§ What the exercise asks
Repeat the data exactly. Pictures stay out.

[Entries taken from a collection]
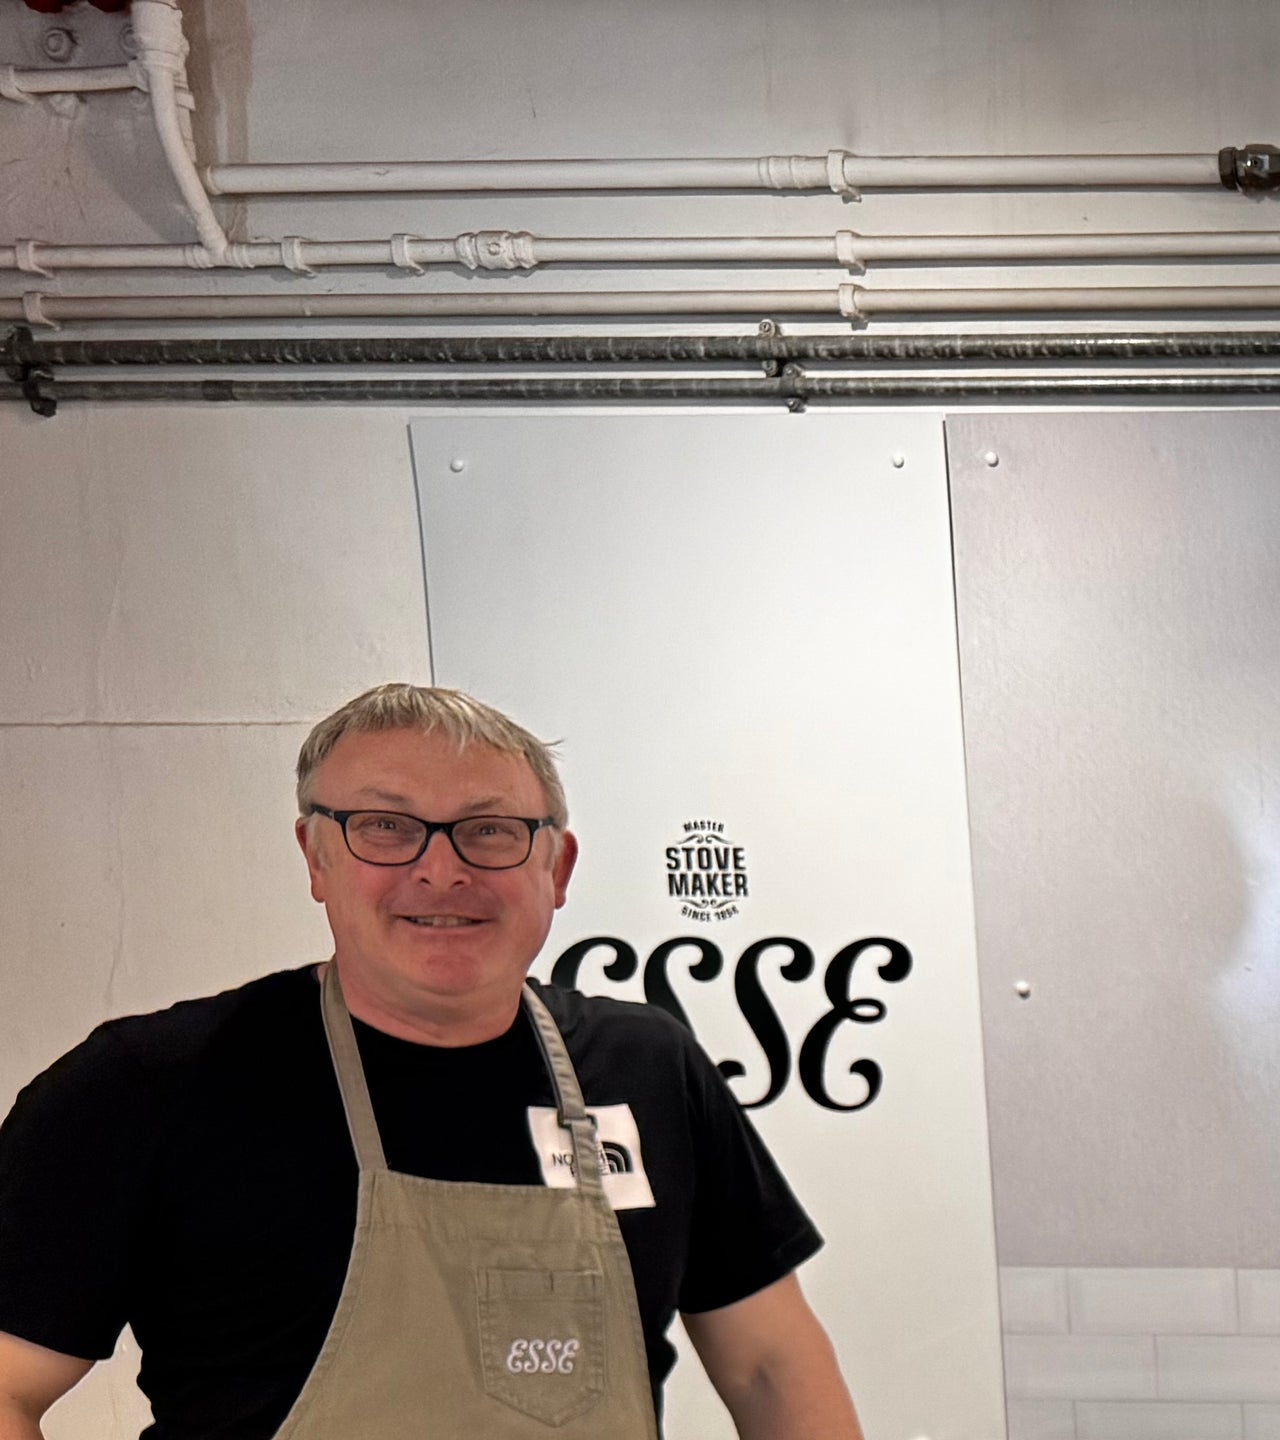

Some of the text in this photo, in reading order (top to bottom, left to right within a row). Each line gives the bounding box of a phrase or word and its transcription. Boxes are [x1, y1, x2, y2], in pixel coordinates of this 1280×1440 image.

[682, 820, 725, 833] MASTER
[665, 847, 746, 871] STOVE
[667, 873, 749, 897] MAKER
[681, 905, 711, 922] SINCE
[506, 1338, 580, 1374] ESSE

§ Result for this task
Some of the text in this photo, in reading order (top to bottom, left to right within a row). Each line gives the bounding box of a phrase or word and its transcription. Boxes are [x1, y1, x2, y2], in pixel coordinates of this 1280×1440 image.

[682, 820, 725, 833] MASTER
[665, 847, 746, 871] STOVE
[667, 873, 749, 897] MAKER
[681, 905, 711, 922] SINCE
[506, 1338, 580, 1374] ESSE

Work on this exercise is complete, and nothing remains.